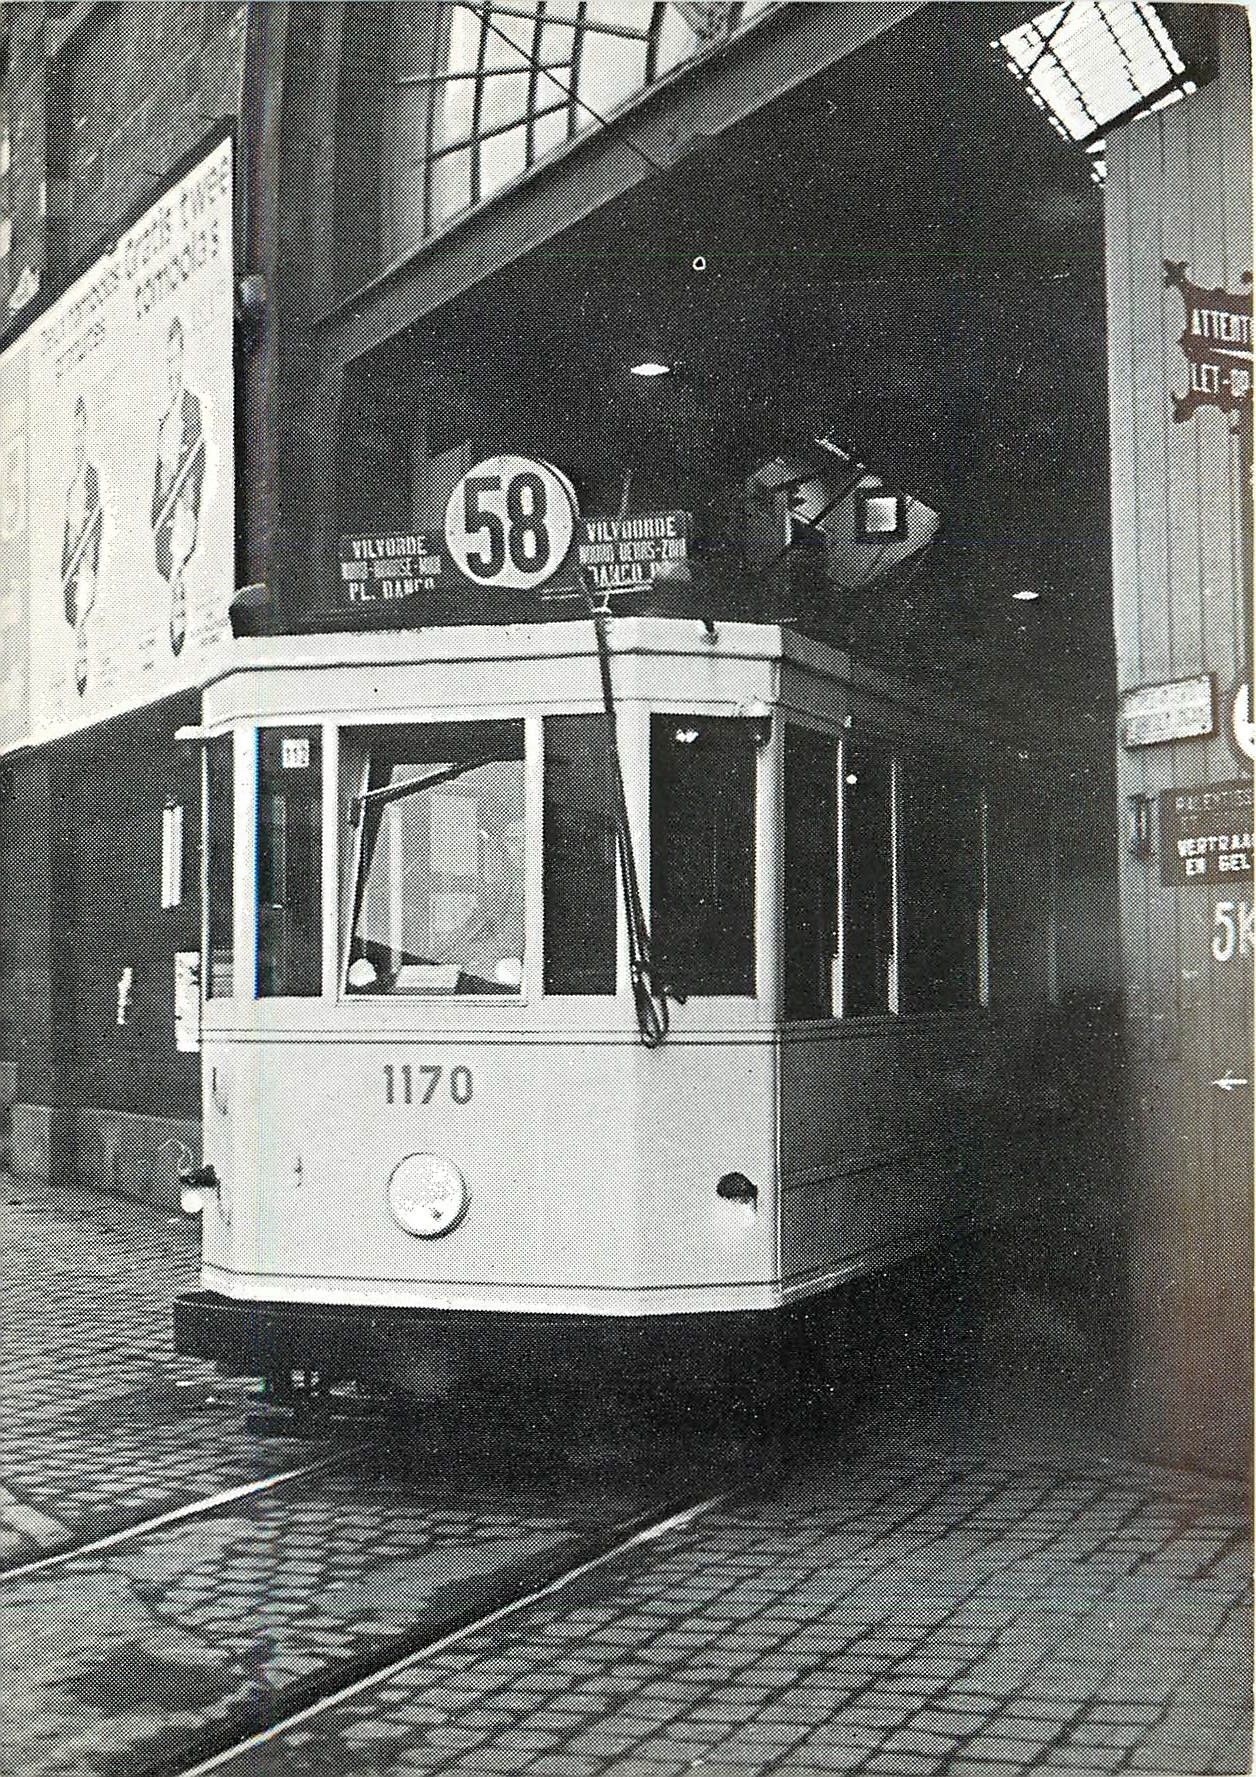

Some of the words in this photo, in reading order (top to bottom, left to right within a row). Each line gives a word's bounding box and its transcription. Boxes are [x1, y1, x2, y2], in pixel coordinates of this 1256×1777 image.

[463, 472, 547, 579] 58
[585, 515, 677, 543] VILVOORDE
[351, 534, 428, 559] VILVORDE
[348, 581, 376, 602] PL.
[1176, 832, 1254, 858] VERTRAA
[1185, 857, 1206, 877] EN
[382, 1063, 474, 1105] 1170
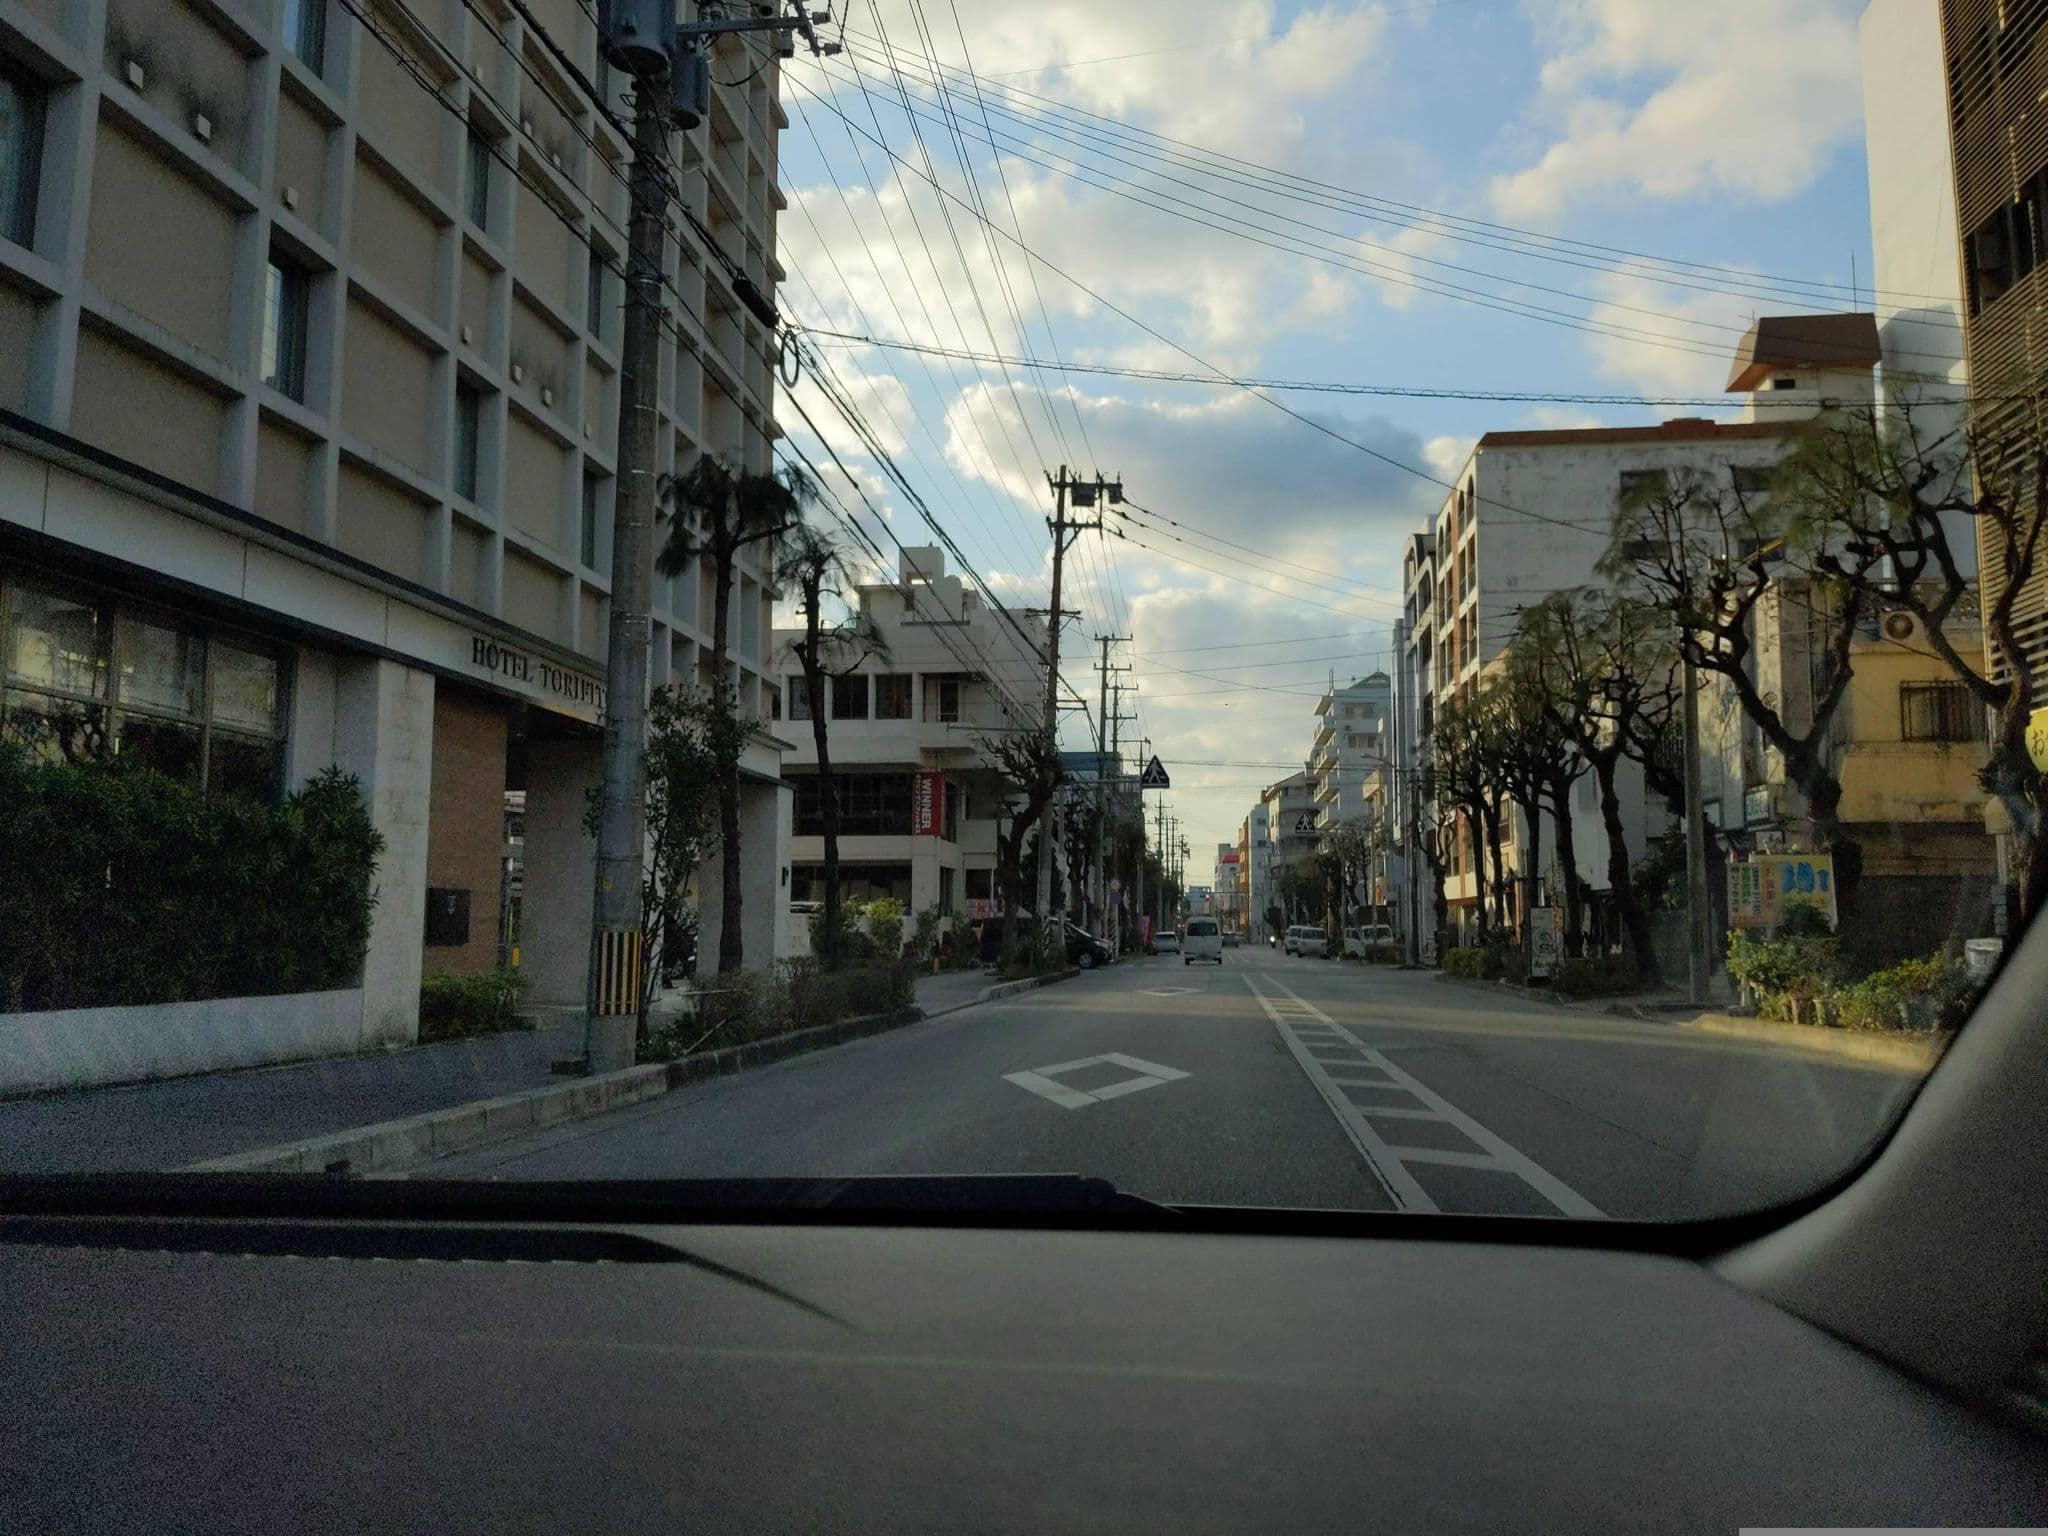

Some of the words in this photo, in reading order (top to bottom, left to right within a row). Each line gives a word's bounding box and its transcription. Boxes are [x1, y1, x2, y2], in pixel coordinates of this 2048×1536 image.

[472, 636, 534, 683] HOTEL
[541, 663, 606, 708] TORIFIT
[922, 779, 932, 829] WINNER

Exercise
Nothing but the lines from the one containing "this 2048×1536 image." through the last line of the data above should be given again, each exactly as it stands.

Answer to this exercise
Some of the words in this photo, in reading order (top to bottom, left to right within a row). Each line gives a word's bounding box and its transcription. Boxes are [x1, y1, x2, y2], in pixel coordinates of this 2048×1536 image.

[472, 636, 534, 683] HOTEL
[541, 663, 606, 708] TORIFIT
[922, 779, 932, 829] WINNER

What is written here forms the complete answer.